EDITOR'S NOTE: A little more than five years ago, City Commissioners decided that noise (read: amplified music) was a problem in Key West. They also decided that the noise ordinance then on the books was ineffective. So they appointed a Blue Ribbon Panel of citizens to help draft a new law. After months of wrangling, a new ordinance was drafted, repeatedly amended and, finally, voted into law.
It has never worked because it has really never been enforced.
Now, in 1999, City Commissioners are, once again, talking about Key West's "noise problem." Following a workshop Tuesday night to discuss the problem and listen to citizens, the City Commission appointed you guessed it a Blue Ribbon Panel of citizens to help draft a new law.
Katha Sheehan was at that meeting. Here's her report.
Imagine a Key West with no mopeds tooting no garbage trucks squealing brakes no amplified music no dogs barking, parrots shrilling, roosters crowing, generators or lawn mowers whining, live bands blaring, kids crying, airplanes roaring. What would that be like?
Answer: Big Torch Key. You'd imagine more people would live on Big Torch, and less in Key West, if you had heard all the noise complaints made by the people who attended the City Commission's special workshop on Tuesday, when the public was invited to comment.
Former Mayor Sheila Mullins told the Commission it needed to address "all sources of noise," including dogs, roosters, planes, garbage trucks, and music at night. She urged that the "loopholesö" in the old sound ordinance be filled, and suggested that building owners be made responsible for the noise generated by tenants. She called for more enforcement personnel and an ordinance with "more teeth."
Zaira Sepulveda said it was "not fair for the bars to take over. This should not be a get-drunk-and-party town. We need to clean up Duval."
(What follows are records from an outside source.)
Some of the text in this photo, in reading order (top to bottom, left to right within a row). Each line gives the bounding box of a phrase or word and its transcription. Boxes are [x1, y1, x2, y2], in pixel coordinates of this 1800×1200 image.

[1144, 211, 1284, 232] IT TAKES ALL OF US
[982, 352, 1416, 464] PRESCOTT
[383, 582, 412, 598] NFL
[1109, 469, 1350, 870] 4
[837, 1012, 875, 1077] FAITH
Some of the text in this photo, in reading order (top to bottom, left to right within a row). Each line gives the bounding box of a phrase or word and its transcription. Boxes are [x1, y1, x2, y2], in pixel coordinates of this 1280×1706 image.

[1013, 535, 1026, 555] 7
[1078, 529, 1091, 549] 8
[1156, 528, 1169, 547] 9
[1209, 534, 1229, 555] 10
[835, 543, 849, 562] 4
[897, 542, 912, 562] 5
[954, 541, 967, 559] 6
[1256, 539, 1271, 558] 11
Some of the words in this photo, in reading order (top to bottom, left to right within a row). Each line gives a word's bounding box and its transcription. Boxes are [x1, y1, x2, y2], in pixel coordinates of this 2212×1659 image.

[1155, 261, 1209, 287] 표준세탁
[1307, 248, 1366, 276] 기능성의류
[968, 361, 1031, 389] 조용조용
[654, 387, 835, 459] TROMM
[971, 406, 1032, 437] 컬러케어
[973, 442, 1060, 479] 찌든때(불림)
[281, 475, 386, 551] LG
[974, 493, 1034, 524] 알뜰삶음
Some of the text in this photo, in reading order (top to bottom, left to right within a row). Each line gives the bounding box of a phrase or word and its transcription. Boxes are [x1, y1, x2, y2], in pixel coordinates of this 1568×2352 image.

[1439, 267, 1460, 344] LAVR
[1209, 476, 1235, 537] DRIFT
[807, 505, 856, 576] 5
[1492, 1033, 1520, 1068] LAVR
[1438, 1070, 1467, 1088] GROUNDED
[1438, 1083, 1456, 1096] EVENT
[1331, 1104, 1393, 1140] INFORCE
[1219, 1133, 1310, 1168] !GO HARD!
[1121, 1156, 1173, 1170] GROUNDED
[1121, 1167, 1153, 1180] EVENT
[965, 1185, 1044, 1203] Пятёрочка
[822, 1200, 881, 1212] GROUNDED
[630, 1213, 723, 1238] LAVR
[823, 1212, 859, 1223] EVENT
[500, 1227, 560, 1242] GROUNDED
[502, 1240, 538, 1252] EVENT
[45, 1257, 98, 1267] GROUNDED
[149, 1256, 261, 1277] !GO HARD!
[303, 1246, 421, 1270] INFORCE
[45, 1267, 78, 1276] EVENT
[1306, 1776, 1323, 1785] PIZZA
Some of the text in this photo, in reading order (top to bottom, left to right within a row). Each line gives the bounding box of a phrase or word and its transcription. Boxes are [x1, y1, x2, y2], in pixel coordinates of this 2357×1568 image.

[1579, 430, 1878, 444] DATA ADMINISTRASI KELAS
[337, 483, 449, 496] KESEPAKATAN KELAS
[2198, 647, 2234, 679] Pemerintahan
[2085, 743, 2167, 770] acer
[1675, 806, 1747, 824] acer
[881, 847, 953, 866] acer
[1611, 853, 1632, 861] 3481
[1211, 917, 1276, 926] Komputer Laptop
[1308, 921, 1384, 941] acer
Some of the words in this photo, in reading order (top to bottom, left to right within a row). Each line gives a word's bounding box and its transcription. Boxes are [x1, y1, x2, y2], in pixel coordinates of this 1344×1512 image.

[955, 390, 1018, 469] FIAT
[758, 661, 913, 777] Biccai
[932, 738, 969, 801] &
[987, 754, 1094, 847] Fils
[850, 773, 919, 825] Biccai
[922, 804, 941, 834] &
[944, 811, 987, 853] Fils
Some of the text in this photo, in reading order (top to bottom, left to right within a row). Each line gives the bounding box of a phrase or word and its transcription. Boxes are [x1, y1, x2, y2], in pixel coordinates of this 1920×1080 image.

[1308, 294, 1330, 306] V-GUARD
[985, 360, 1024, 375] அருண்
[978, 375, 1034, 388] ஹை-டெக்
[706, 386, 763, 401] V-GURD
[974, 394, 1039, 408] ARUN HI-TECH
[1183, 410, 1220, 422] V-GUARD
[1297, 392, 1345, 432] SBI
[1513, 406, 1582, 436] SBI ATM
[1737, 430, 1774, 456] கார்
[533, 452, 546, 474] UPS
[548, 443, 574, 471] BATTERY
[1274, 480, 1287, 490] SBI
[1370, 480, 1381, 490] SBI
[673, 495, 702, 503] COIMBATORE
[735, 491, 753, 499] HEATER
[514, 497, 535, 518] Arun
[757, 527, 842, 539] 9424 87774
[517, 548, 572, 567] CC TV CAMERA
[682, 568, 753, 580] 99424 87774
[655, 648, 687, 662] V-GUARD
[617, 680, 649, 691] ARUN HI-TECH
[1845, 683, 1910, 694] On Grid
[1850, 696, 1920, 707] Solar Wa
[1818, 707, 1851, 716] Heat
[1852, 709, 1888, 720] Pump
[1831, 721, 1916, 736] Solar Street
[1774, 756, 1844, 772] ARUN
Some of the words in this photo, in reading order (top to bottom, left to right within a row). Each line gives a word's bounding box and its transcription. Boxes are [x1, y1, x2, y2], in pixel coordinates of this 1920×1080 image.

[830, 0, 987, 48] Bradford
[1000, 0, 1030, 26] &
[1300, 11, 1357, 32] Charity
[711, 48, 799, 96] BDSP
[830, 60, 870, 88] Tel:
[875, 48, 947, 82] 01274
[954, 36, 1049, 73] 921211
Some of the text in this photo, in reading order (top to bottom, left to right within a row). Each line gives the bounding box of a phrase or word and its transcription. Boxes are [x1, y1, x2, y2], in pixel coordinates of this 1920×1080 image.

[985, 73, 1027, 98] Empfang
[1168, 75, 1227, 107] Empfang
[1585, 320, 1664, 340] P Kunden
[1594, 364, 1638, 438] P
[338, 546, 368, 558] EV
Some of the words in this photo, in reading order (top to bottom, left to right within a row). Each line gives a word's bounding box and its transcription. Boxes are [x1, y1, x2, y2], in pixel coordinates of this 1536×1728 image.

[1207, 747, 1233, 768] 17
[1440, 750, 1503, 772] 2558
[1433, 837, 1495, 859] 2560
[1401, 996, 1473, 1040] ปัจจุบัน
Musician Ben Harrison said the new ordinance should be "complaint-driven" and responsive. He said the courts have always ruled in favor of the residents when a new bar has opened in a residential neighborhood and caused new noise problems.
Other people spoke against airplane noise, car stereos, and long-running generators (after the hurricane.)
Joan Langley made a personal statement: excessive noise can cause hearing loss, and you really don't want that to happen to you. She said she is hearing- impaired and must wear two hearing aids, which cost $2,500 apiece.
Former mayoral hopeful George Maurer said, "If you don't like living in a party town, why did you come here?" He suggested some areas be designated "noise zones."
Jim Gilloran suggested they form a panel composed of volunteers to conduct an "open discussion, hold three meetings minimum, and try to come up with solutions. Legislation has not been effective in the past. People end up litigating."
Another conciliatory speaker, Whit Robertson of Venetian Drive, pointed out that the airport was there long before he arrived, and a lot of the same noise problems ("trash people, boom boxes") existed where he previously lived, in Virginia. He said he had seen a draft of a Key West noise ordinance "which would make it hard for a man who works all week to cut his grass on Sunday . . . We need a simple, reasonable process to deal with things."
Some noise, he noted, just had to be accepted "as being part of Key West."
Commissioner Harry Bethel eagerly appointed him to a newly-conceived panel to explore the City's options.
A shocker from the Key West police chief, Buz Dillon: he told the Commission he read the City's existing noise ordinance when he was still in Georgia, before he knew the town or the players. He concluded that "obviously they don't want this ordinance enforced because it is a very complicated ordinance."
So here we have a noise ordinance modeled after the policy which drove the war in Vietnam? And we are here to make it more detailed?
City Attorney Robert Tischenkel tossed another bucket of cold water on the crowd. He warned that no ordinance could be effective against certain things like planes, construction, garbage trucks, dogs and roosters. And no ordinance would be as effective against a "chronic noise problem" caused by an intractable neighbor, than a civil suit.
"A lawsuit is your strongest weapon against a chronic problem," he told the public.
Commissioners stressed the need for "reasonableness" and communication among neighbors.